Material for this task section start
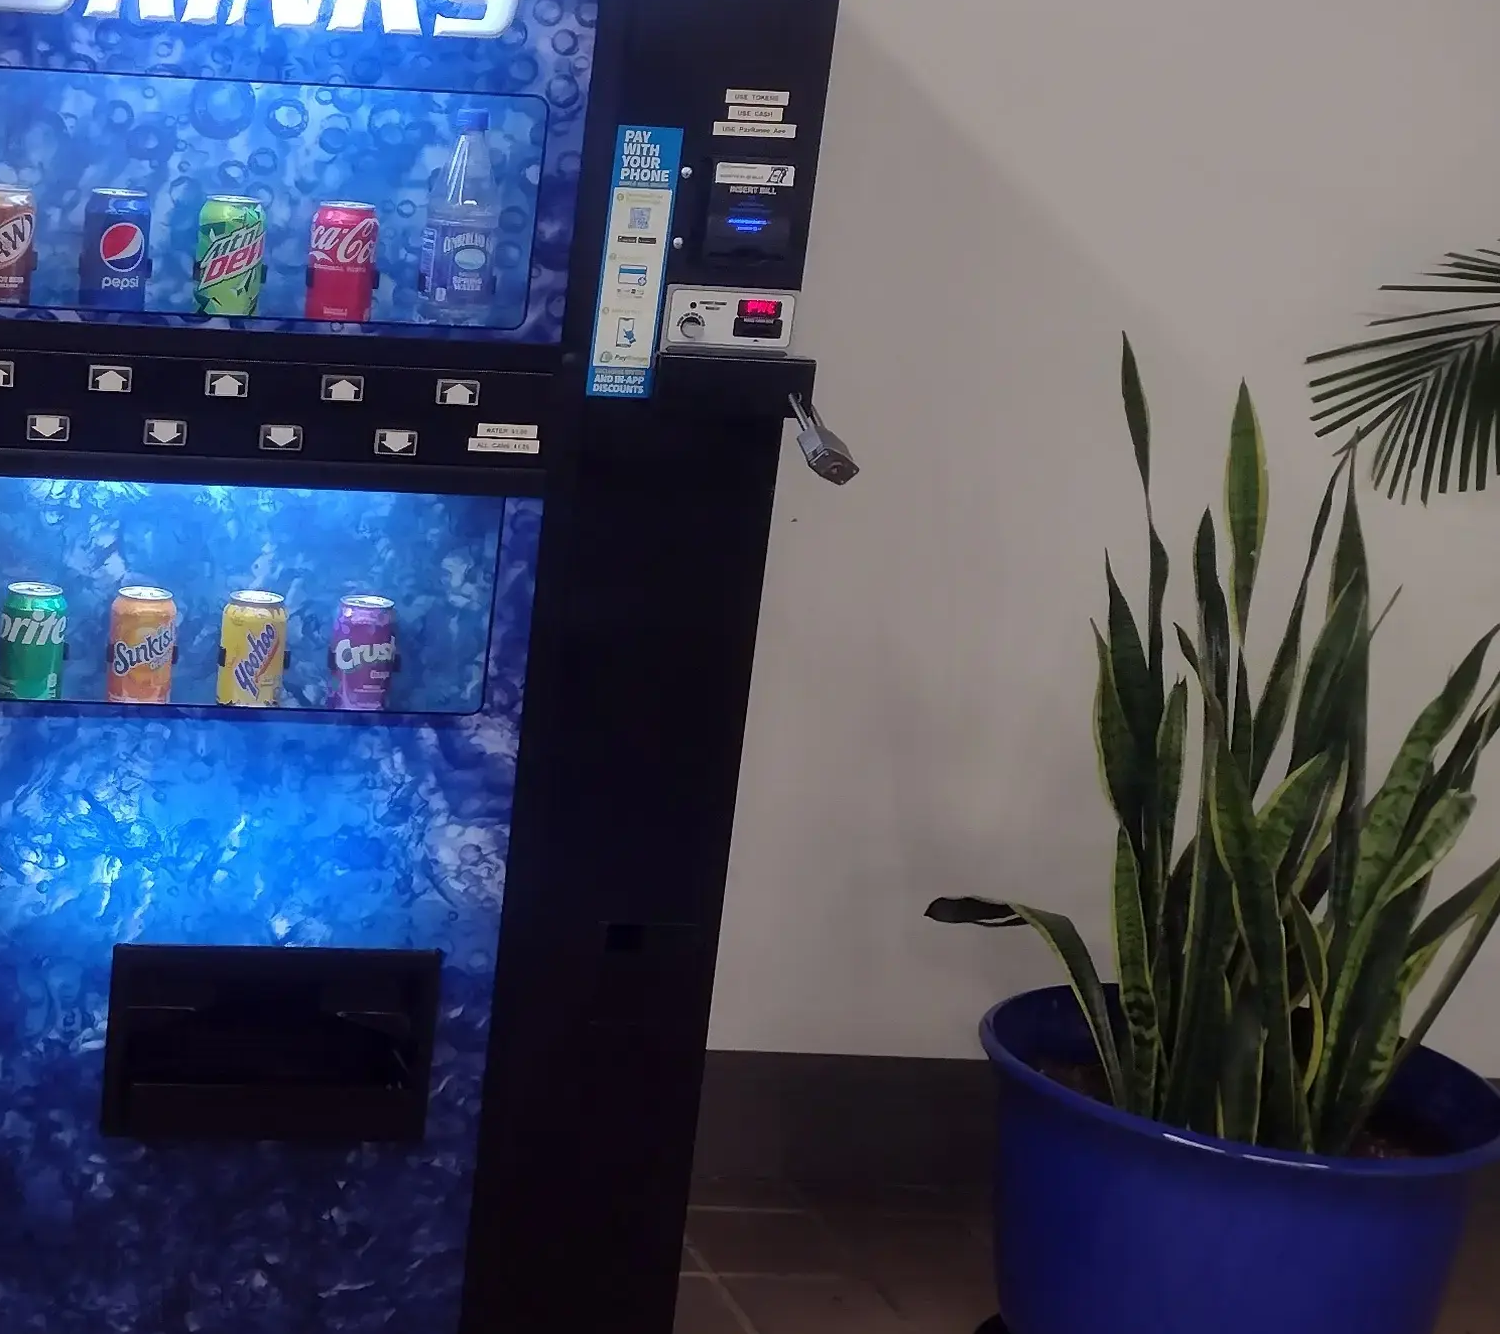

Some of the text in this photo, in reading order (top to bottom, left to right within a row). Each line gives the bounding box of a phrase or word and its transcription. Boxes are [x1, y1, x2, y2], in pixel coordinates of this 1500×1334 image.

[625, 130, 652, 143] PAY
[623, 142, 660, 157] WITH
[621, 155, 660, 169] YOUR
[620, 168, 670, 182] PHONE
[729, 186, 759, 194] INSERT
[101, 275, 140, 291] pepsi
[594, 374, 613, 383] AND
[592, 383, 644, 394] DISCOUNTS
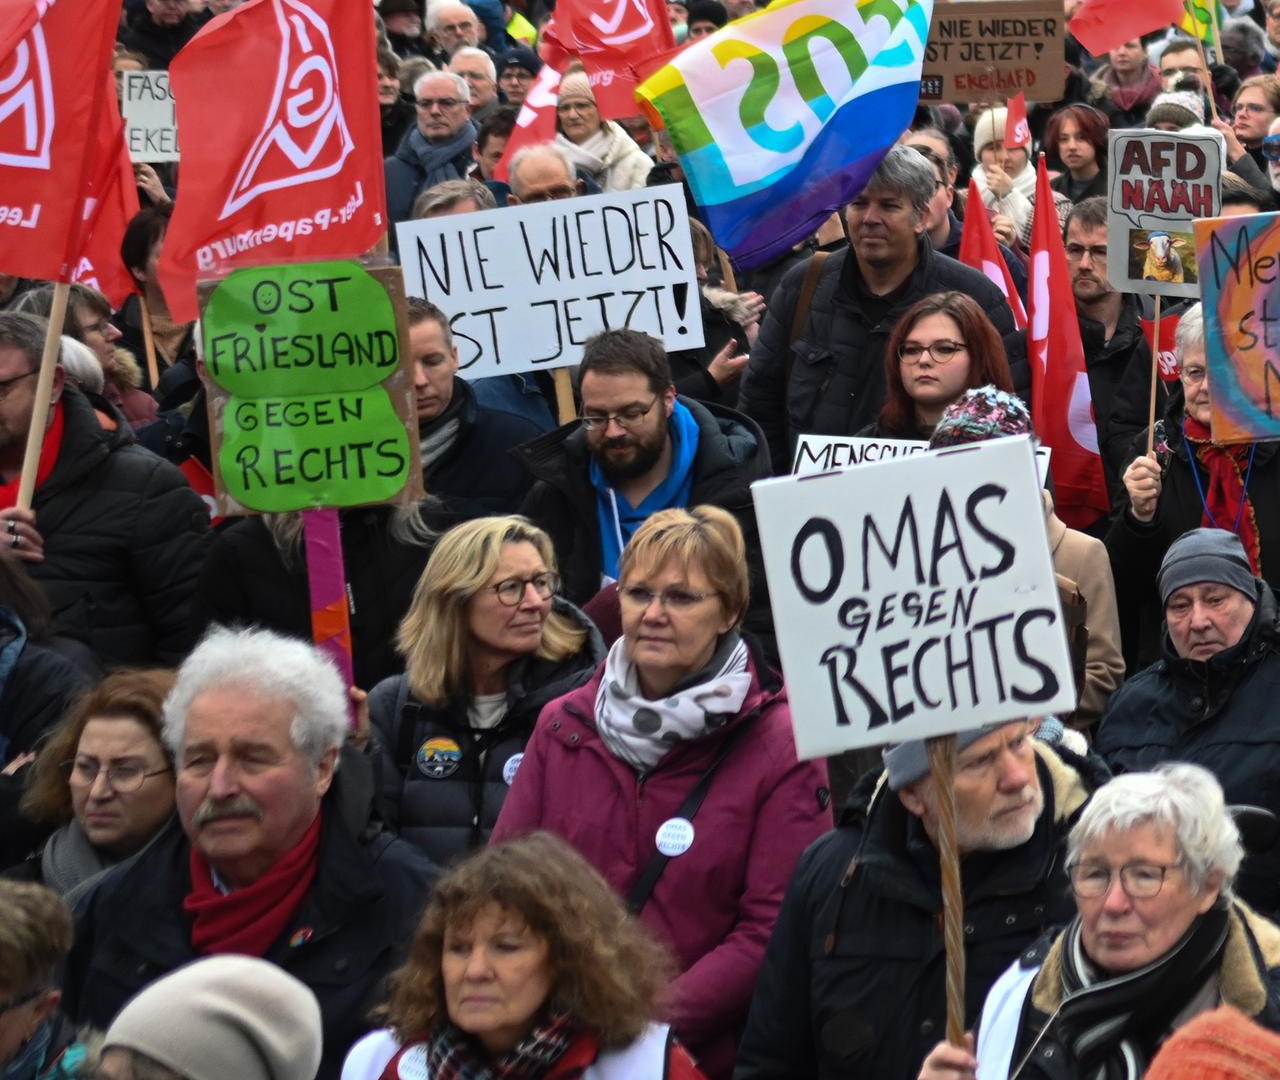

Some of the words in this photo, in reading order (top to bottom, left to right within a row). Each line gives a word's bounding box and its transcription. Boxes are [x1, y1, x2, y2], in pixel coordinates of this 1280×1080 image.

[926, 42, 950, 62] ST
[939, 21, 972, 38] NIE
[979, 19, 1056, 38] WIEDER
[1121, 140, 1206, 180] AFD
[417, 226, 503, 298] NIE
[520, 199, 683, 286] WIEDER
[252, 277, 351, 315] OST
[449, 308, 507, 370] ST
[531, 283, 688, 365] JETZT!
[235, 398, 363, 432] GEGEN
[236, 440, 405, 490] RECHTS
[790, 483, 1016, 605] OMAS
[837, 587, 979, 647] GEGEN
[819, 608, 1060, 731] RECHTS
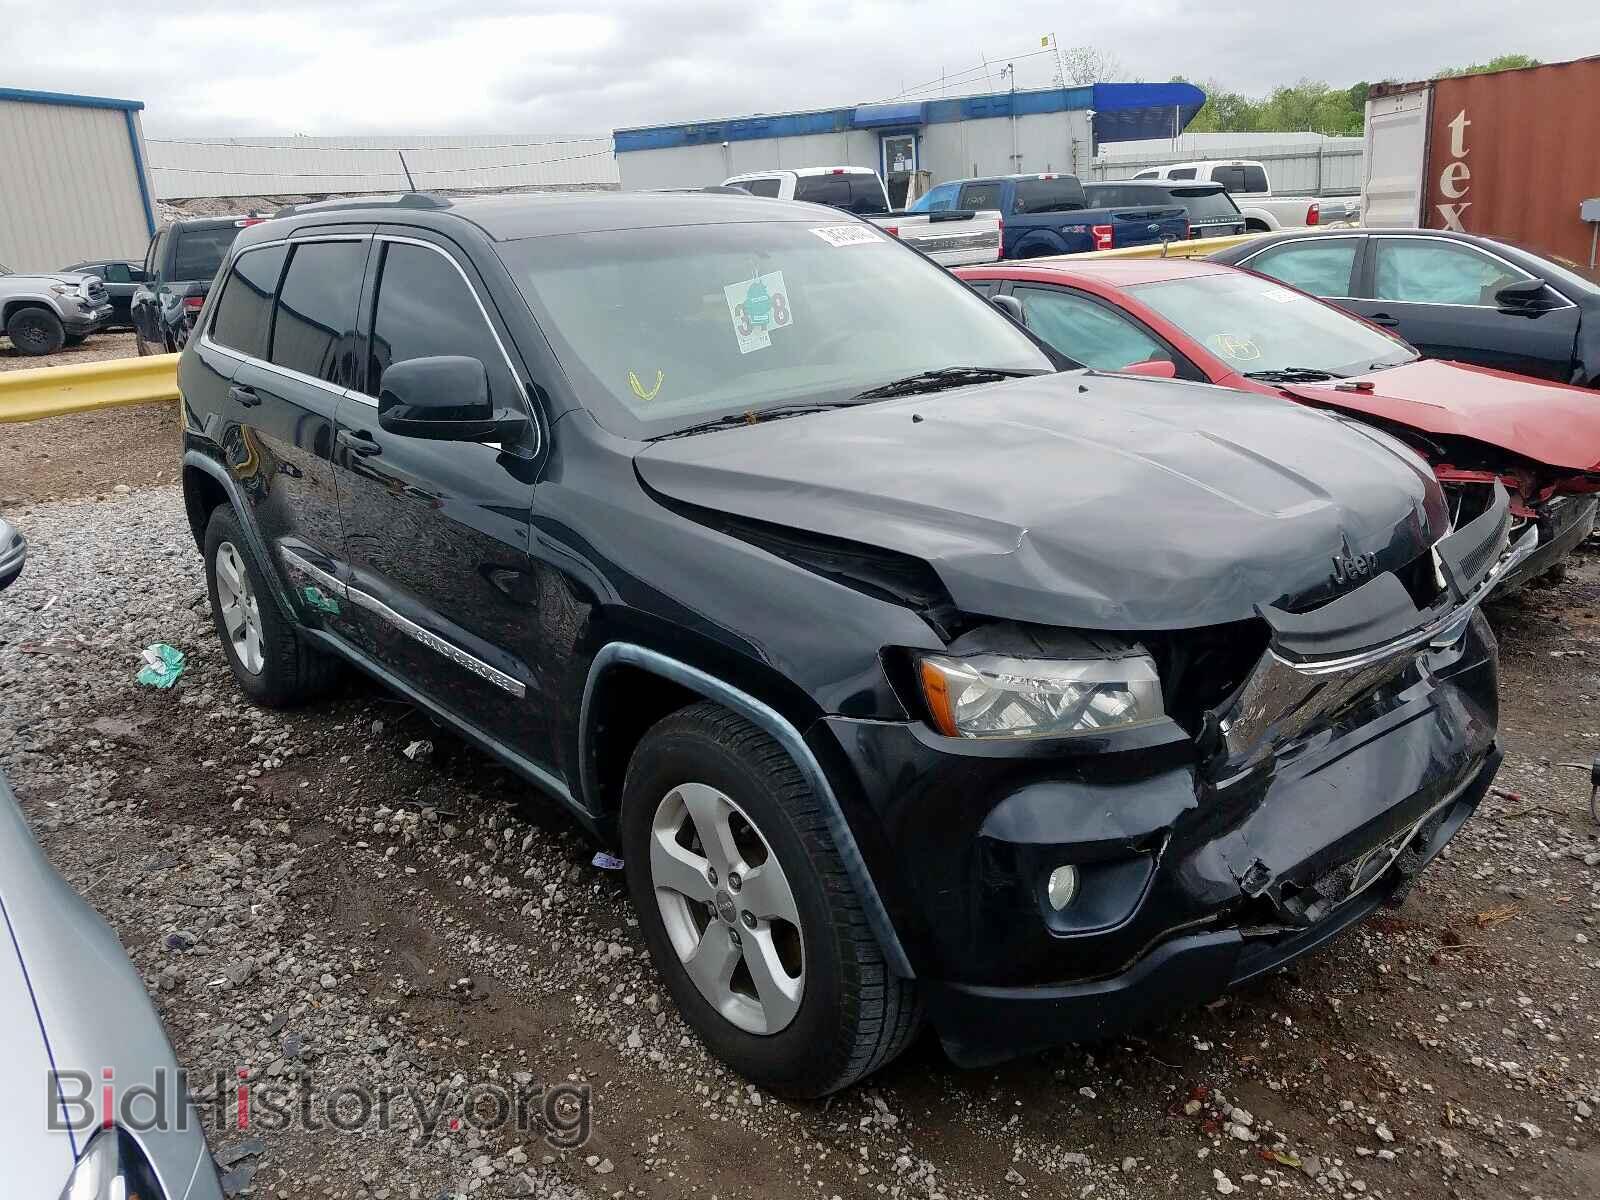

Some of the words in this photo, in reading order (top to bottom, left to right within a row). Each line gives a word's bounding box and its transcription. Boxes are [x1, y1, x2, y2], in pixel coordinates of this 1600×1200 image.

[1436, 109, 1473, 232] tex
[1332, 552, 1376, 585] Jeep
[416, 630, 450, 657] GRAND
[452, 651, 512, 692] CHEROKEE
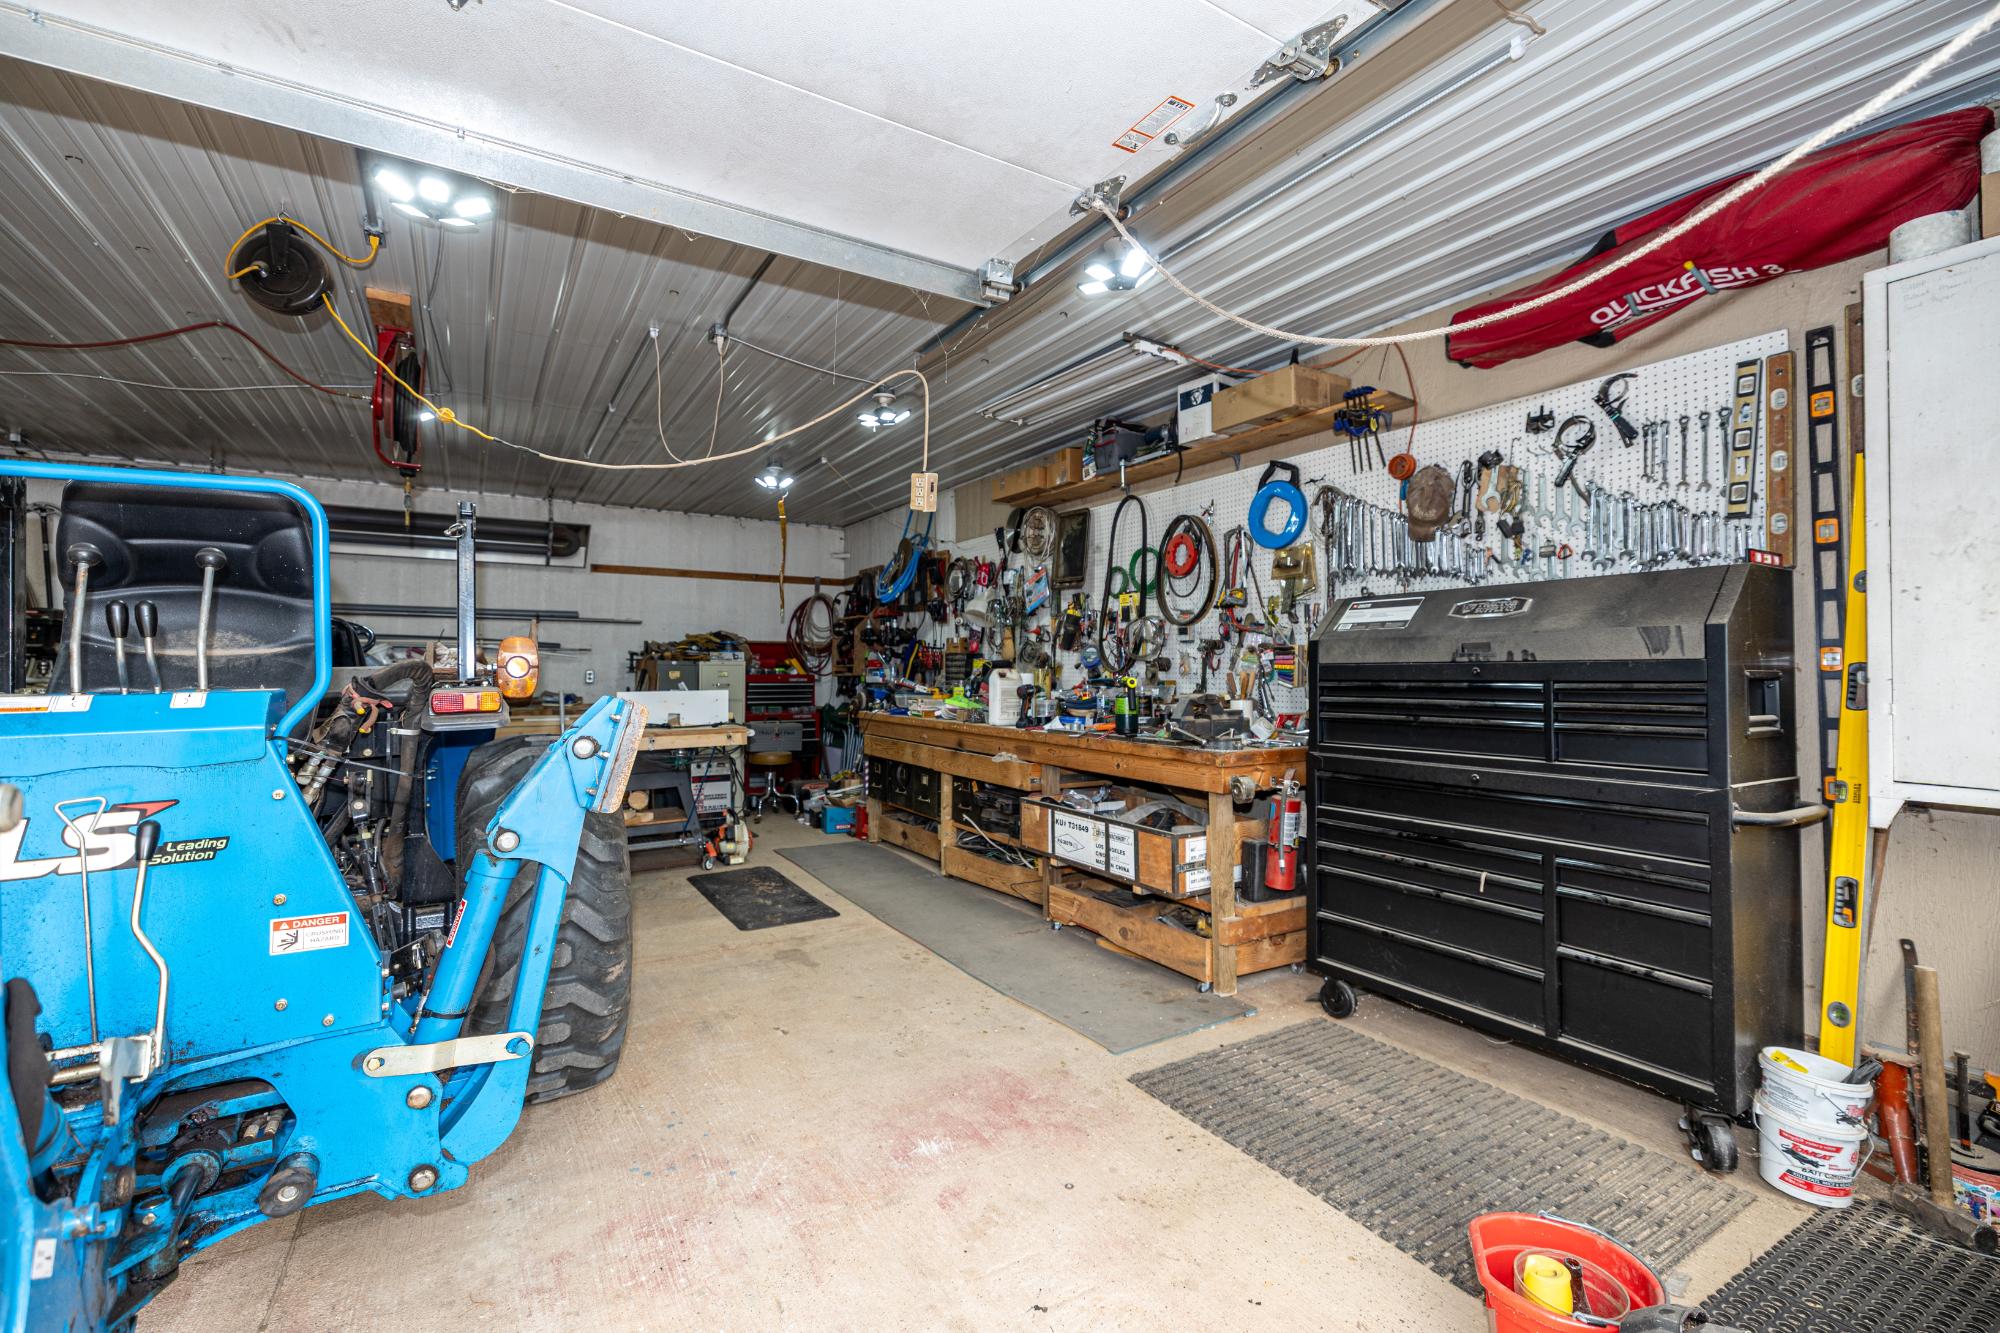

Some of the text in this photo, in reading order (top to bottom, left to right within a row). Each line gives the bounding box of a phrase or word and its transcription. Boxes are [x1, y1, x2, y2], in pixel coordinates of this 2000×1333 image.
Material for this task section end
__What is being asked__
Word for word, give again the lines from the line with "this 1600×1200 image." through the end of the records above, with both ends included and the pictures left out.

__Response__
Some of the words in this photo, in reading order (top to bottom, left to right within a row). Each line gives a word's bounding box and its transcription. Boxes are [x1, y1, x2, y2], in pixel coordinates of this 1600×1200 image.

[1436, 109, 1473, 232] tex
[1332, 552, 1376, 585] Jeep
[416, 630, 450, 657] GRAND
[452, 651, 512, 692] CHEROKEE

Some of the text in this photo, in reading order (top to bottom, left to right within a row). Each line gives the bounding box of a phrase or word and its transcription. Boxes are [x1, y1, x2, y2], in pixel coordinates of this 2000×1333 image.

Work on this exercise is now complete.